(Free-text object descriptions)
....................

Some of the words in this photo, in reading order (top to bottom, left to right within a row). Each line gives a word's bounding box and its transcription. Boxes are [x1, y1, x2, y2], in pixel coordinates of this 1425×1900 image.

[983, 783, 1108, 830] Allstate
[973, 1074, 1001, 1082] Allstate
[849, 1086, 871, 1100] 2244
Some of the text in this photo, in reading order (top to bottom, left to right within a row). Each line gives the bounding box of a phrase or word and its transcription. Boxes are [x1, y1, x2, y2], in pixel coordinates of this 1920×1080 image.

....................

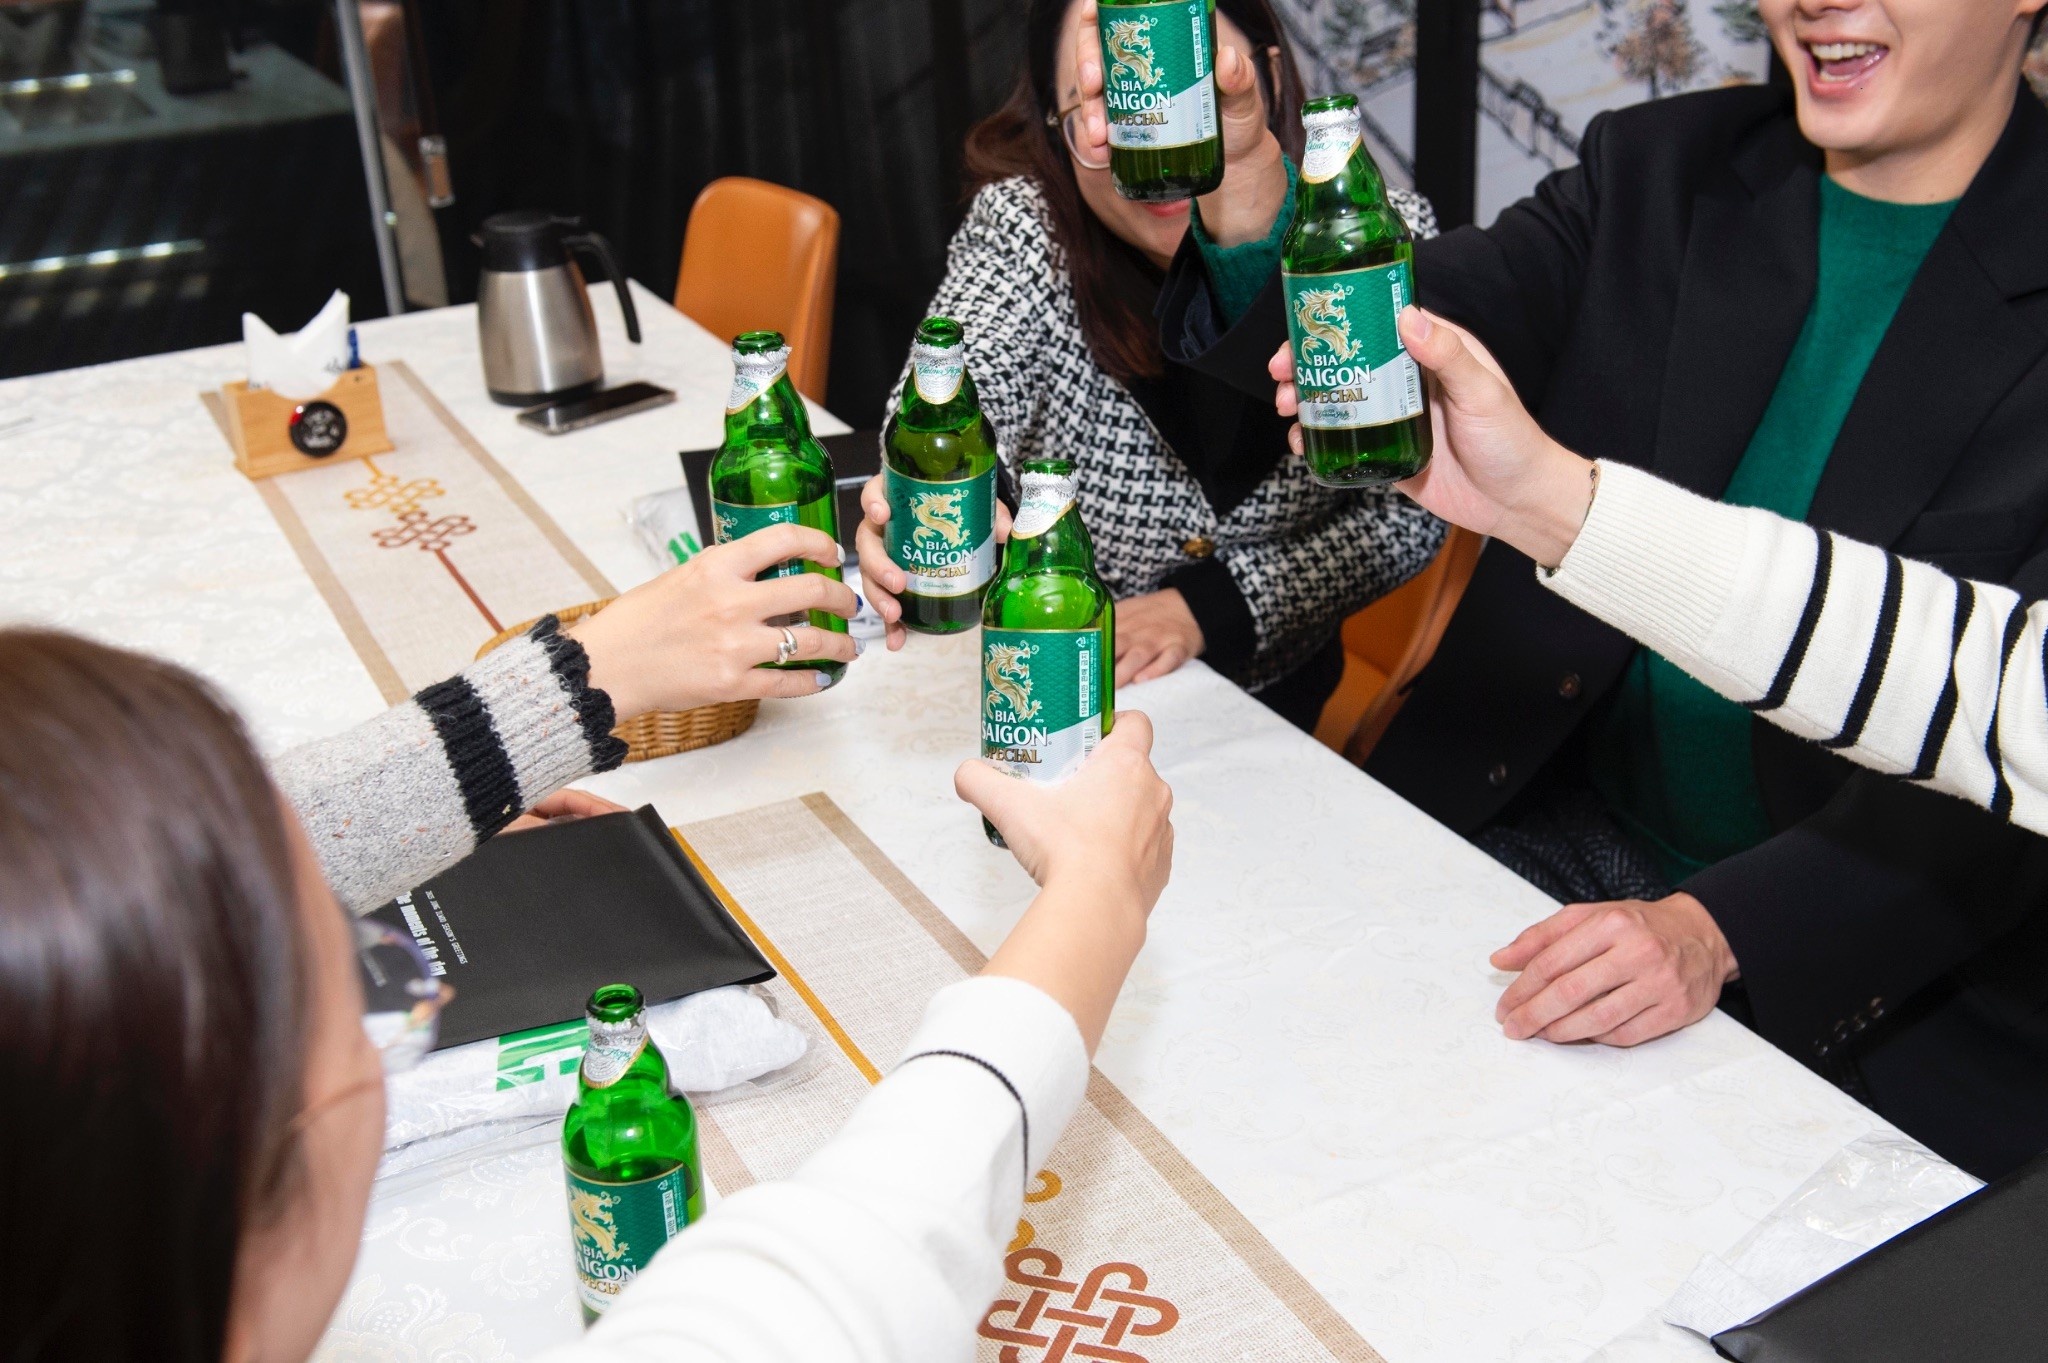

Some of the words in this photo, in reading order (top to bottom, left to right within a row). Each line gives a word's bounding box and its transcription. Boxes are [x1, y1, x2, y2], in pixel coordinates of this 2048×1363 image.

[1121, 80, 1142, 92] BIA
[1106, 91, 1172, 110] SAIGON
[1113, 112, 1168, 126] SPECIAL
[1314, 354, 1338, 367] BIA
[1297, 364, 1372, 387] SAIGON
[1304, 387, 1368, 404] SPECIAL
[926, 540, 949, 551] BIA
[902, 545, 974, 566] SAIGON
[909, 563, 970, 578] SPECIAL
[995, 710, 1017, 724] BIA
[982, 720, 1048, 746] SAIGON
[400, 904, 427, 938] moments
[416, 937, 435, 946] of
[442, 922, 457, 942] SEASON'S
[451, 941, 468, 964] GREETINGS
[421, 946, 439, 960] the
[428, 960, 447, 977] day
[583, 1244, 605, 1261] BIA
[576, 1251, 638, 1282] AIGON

....................

• _Your instructions_: Reproduce the lines of the entries above from the one with "this 1425×1900 image." to the one with "Some of the text", both included, exactly and without any other line.

• _Problem solution_:
Some of the words in this photo, in reading order (top to bottom, left to right within a row). Each line gives a word's bounding box and its transcription. Boxes are [x1, y1, x2, y2], in pixel coordinates of this 1425×1900 image.

[983, 783, 1108, 830] Allstate
[973, 1074, 1001, 1082] Allstate
[849, 1086, 871, 1100] 2244
Some of the text in this photo, in reading order (top to bottom, left to right within a row). Each line gives the bounding box of a phrase or word and its transcription. Boxes are [x1, y1, x2, y2], in pixel coordinates of this 1920×1080 image.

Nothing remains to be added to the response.